## Task objective
With the exception of the pictures, transcribe the entire listing exactly.

## Excerpted records
==*==

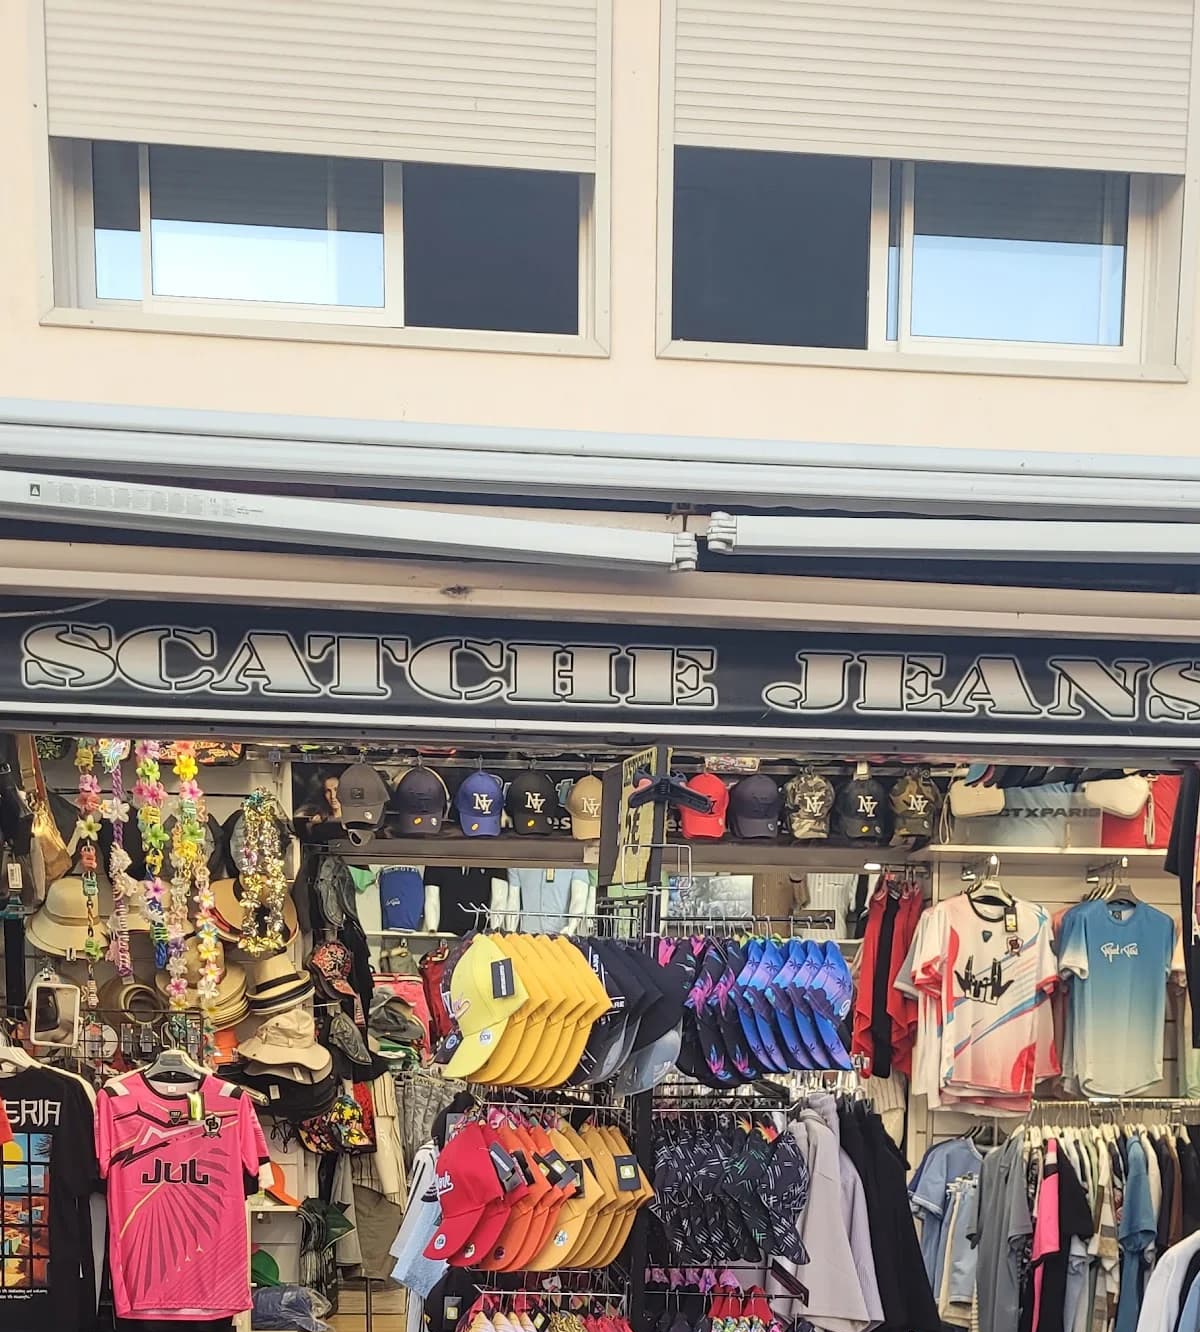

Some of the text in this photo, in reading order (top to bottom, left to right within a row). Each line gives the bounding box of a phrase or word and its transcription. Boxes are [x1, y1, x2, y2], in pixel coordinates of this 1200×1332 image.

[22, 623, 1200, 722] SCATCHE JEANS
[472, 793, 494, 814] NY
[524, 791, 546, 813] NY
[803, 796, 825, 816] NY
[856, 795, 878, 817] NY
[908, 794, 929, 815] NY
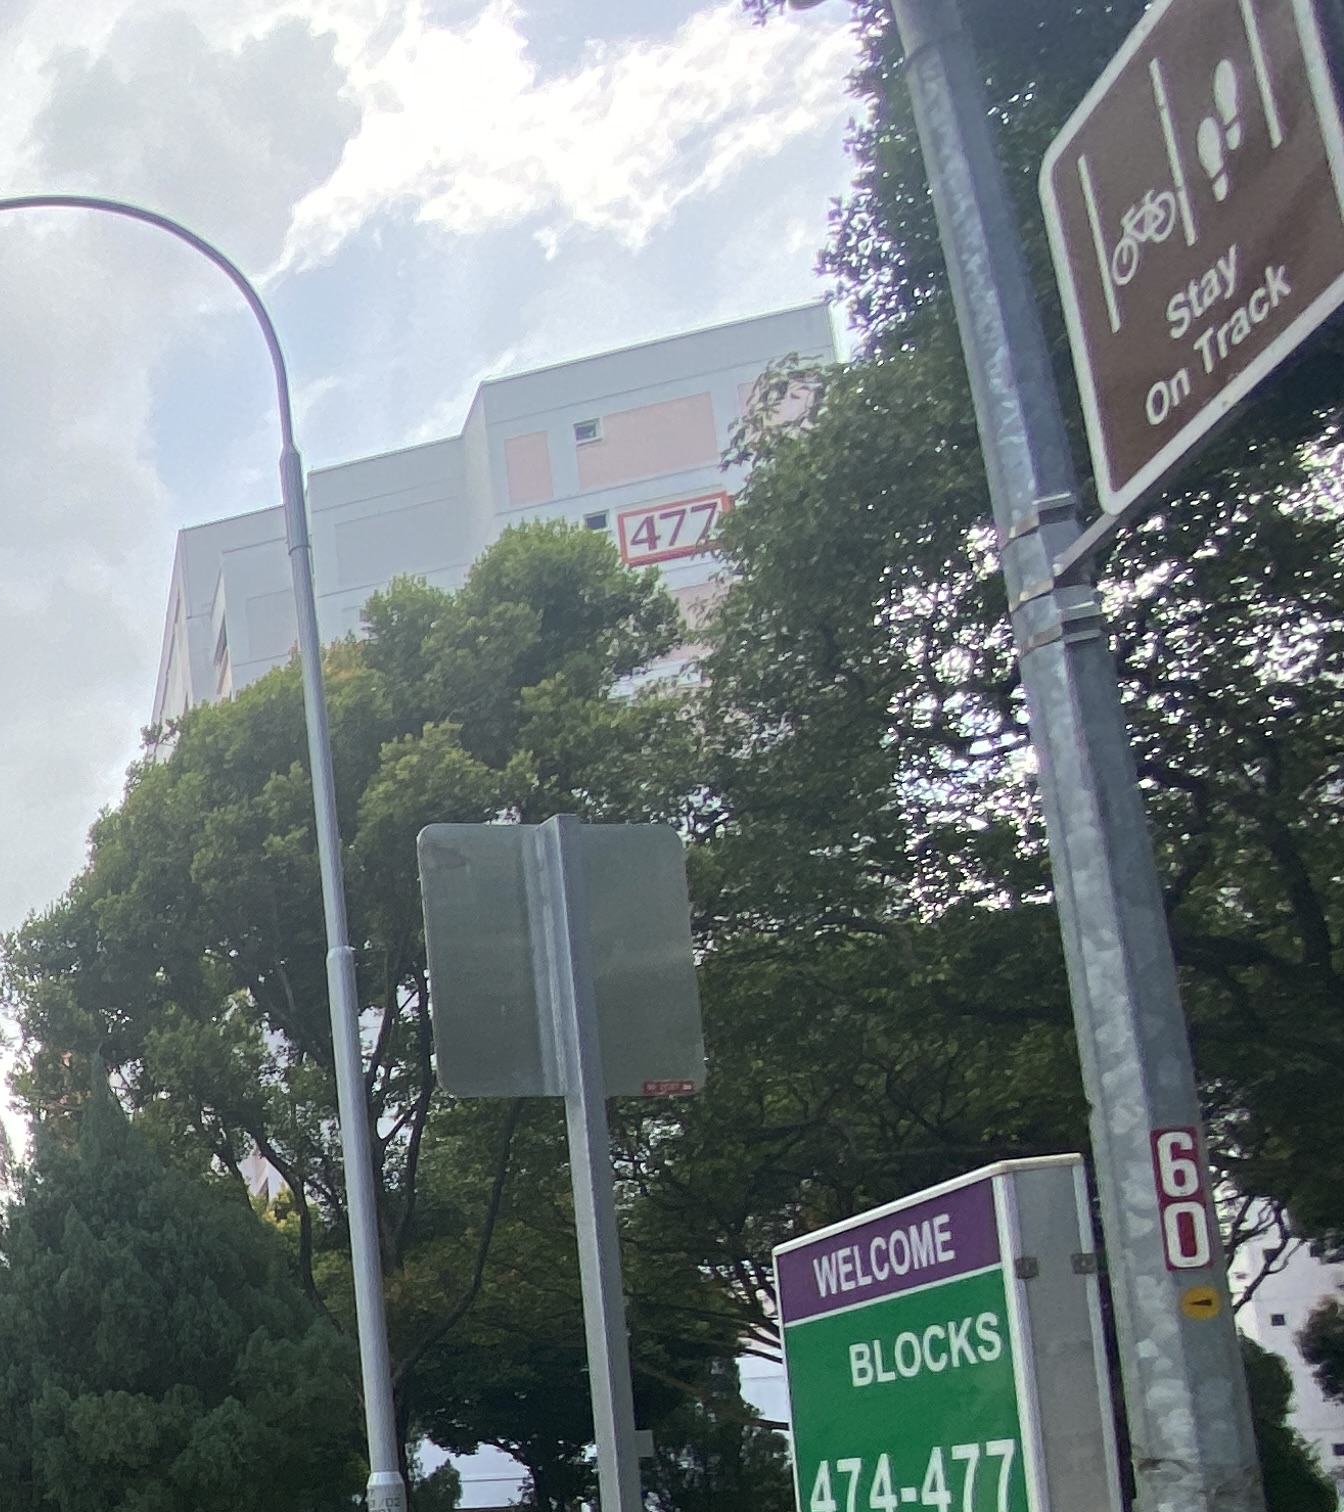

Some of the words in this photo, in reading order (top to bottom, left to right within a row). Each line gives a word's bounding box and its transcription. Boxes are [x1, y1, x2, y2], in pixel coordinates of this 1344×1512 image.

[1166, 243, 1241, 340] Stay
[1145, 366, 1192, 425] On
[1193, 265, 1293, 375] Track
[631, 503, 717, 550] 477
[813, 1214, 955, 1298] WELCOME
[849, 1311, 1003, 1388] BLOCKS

==*==

## Written answer
Some of the text in this photo, in reading order (top to bottom, left to right within a row). Each line gives the bounding box of a phrase or word and its transcription. Boxes are [x1, y1, x2, y2], in pixel coordinates of this 1200×1332 image.

[22, 623, 1200, 722] SCATCHE JEANS
[472, 793, 494, 814] NY
[524, 791, 546, 813] NY
[803, 796, 825, 816] NY
[856, 795, 878, 817] NY
[908, 794, 929, 815] NY

Some of the words in this photo, in reading order (top to bottom, left to right within a row). Each line gives a word's bounding box and its transcription. Boxes are [x1, y1, x2, y2], in pixel coordinates of this 1344×1512 image.

[1166, 243, 1241, 340] Stay
[1145, 366, 1192, 425] On
[1193, 265, 1293, 375] Track
[631, 503, 717, 550] 477
[813, 1214, 955, 1298] WELCOME
[849, 1311, 1003, 1388] BLOCKS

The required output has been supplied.